The importance of China’s agricultural sector to the economic well-being of the nation necessitates that the future effects of climate change are understood.  However, soil degradation and the predicted decline in arable agriculture land may be as important as climate change. Therefore, an integrated assessment of the impacts of climate change on China’s agricultural sector, which recognizes the potential importance of these indirect effects, is increasingly recognized as being important. This paper reviews the previous studies related to integrated assessment of climate change impacts on agriculture and proposes a model framework for an integrated assessment for Chinese agriculture.

2. Climate change impact assessment on agriculture

      The techniques of impact assessment were first applied to the issue of greenhouse gas-induced climate change in the early 1980s (Parry, 1990). The impact assessment studies related to agriculture initially used simulated weather data from General Circulation Models (references) and mostly focused on the impact of climate change on first order biophysical (crop yield) effects (Delecolle et al., 1995; Iglesias & Minguez, 1995;  Kenny et al., 2000, Smith and Lazo, 2001; UNFCCC, 2001; Research Team of China Climate Change Country Study, 1999; Jin et al., 1995) at different agricultural sites (Seino, 1995; Lin et al., 1997) to understand the sensitivity to variations in climate. Most of the studies failed to analyze the implications of biophysical impacts of climate change on socio-economic conditions, cross-sectoral integration of impacts, autonomous adaptation, or proactive adaptation (Antle, 1996; Schneider et al., 2000; Smith and Lazo, 2001; UNFCCC, 2001), or indirect effect such as water availability, competition with pests, change in soil fertility and erosion (Aggarwal and Mall, 2002).
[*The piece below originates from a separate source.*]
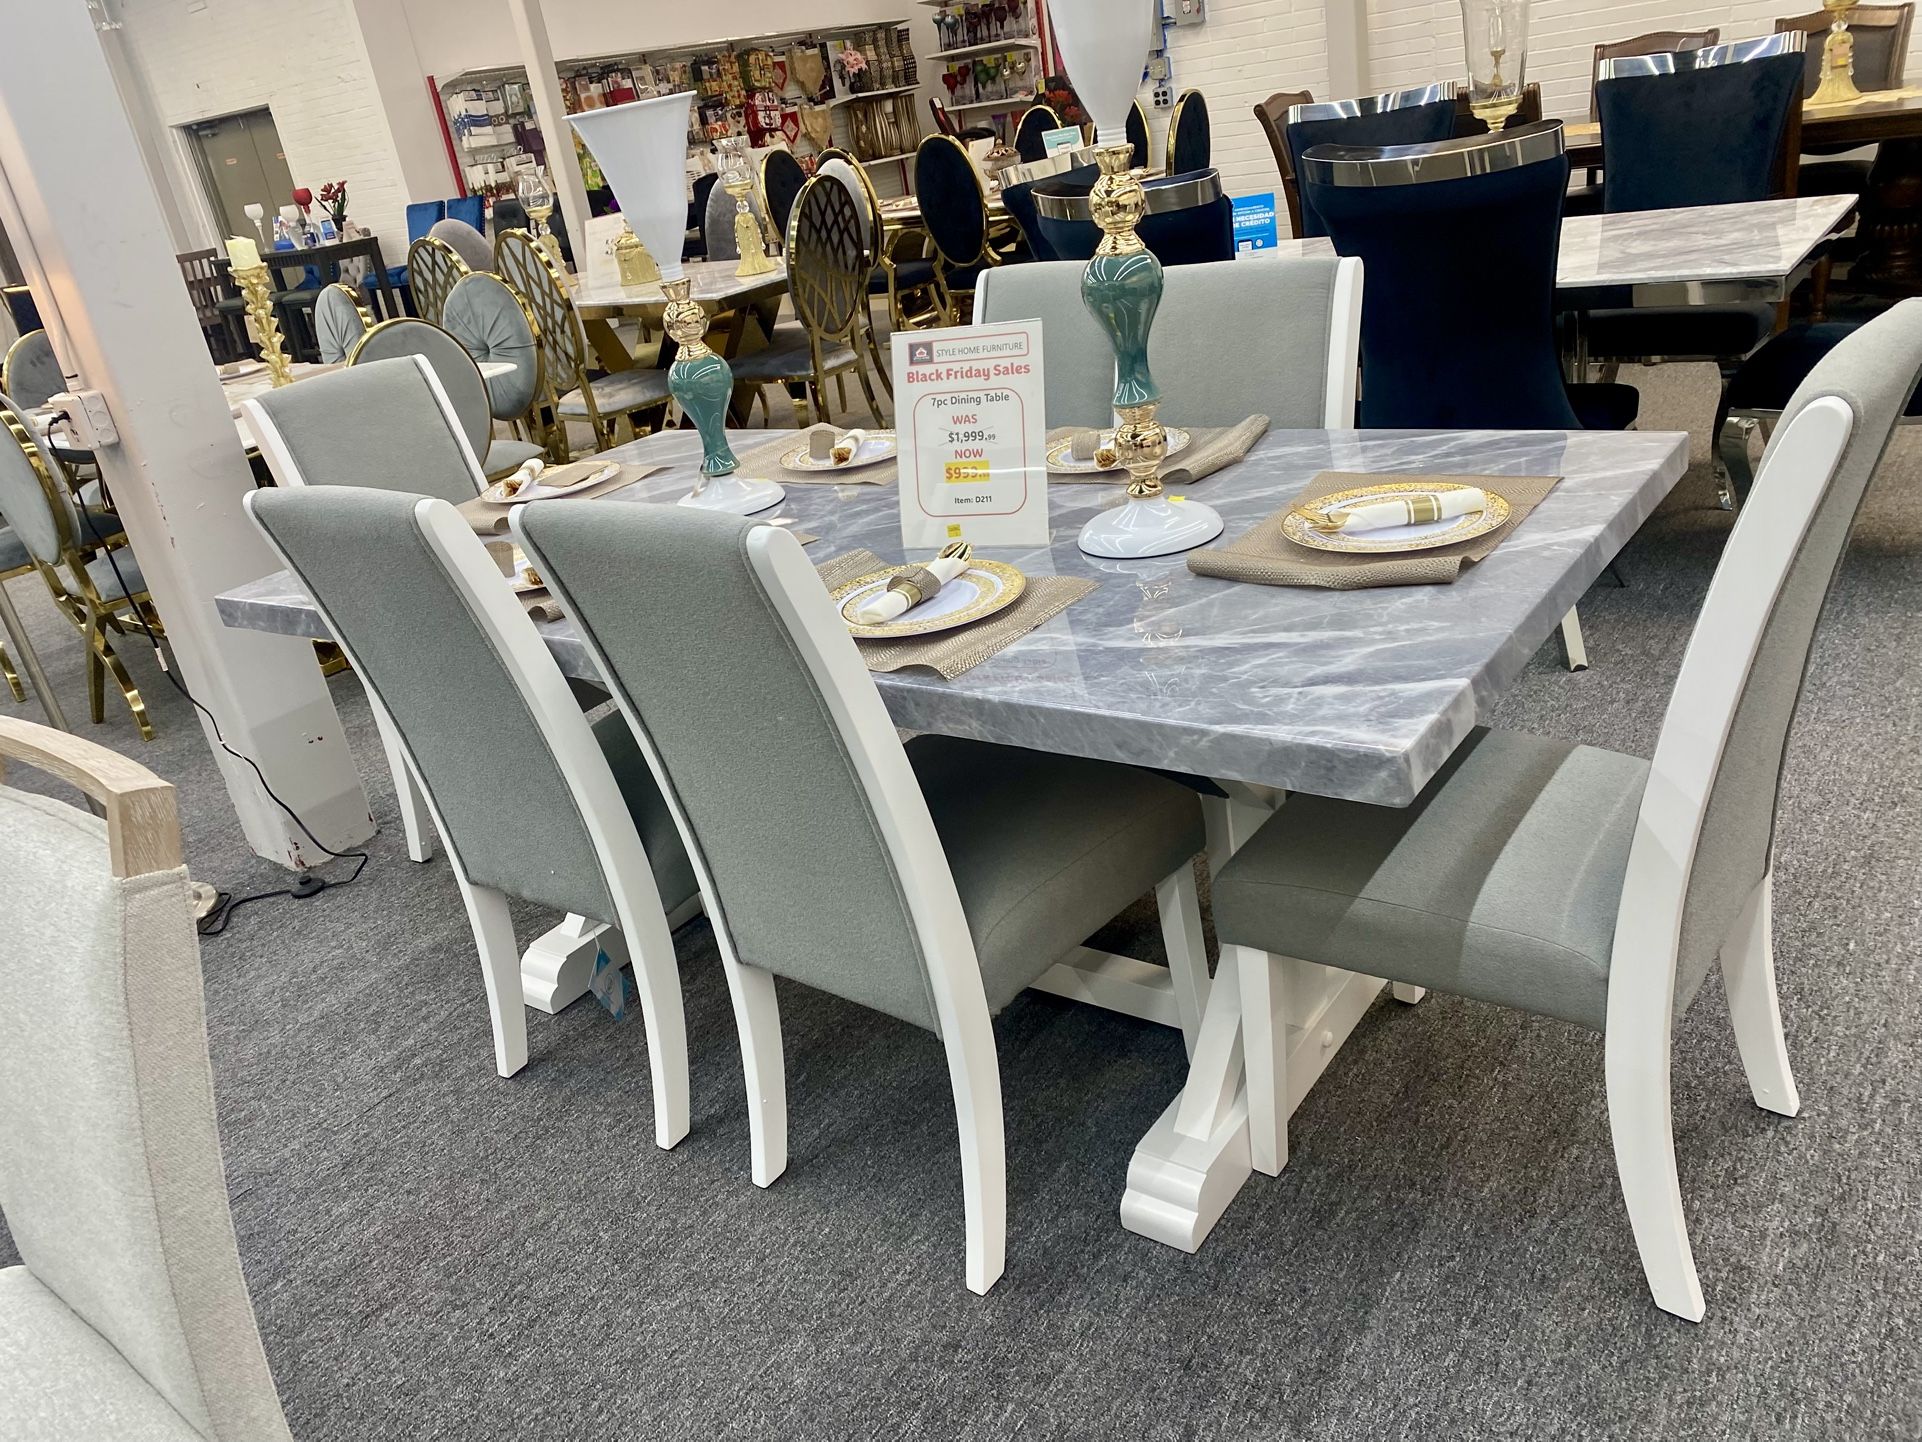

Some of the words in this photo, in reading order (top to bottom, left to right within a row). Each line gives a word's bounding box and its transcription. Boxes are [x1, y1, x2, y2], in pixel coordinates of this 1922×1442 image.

    Sectoral impact studies, such as those described above, tend to analyse first order biophysical effects only.  Many important factors have been ignored.  Direct effects of CO2 fertilization, pests and diseases, and soil properties variability are often not incorporated.  In common with many countries, climate change impact research in China (Research Team of China Climate Change Country Study, 1999) has included parallel assessments of key economic sectors, which interact with the agricultural sector. The results of impact assessments on water resources and sea level (which will have direct impacts on the agricultural area due to flooding and drought, and on crop yield because of the availability of irrigation water) have not informed agricultural impact analyses. Also scenarios of socio-economic development, technology change (such as irrigation and fertilization technological changes, variety improvement), policy strategies for adapting the climate change and market effects are not incorporated into these studies.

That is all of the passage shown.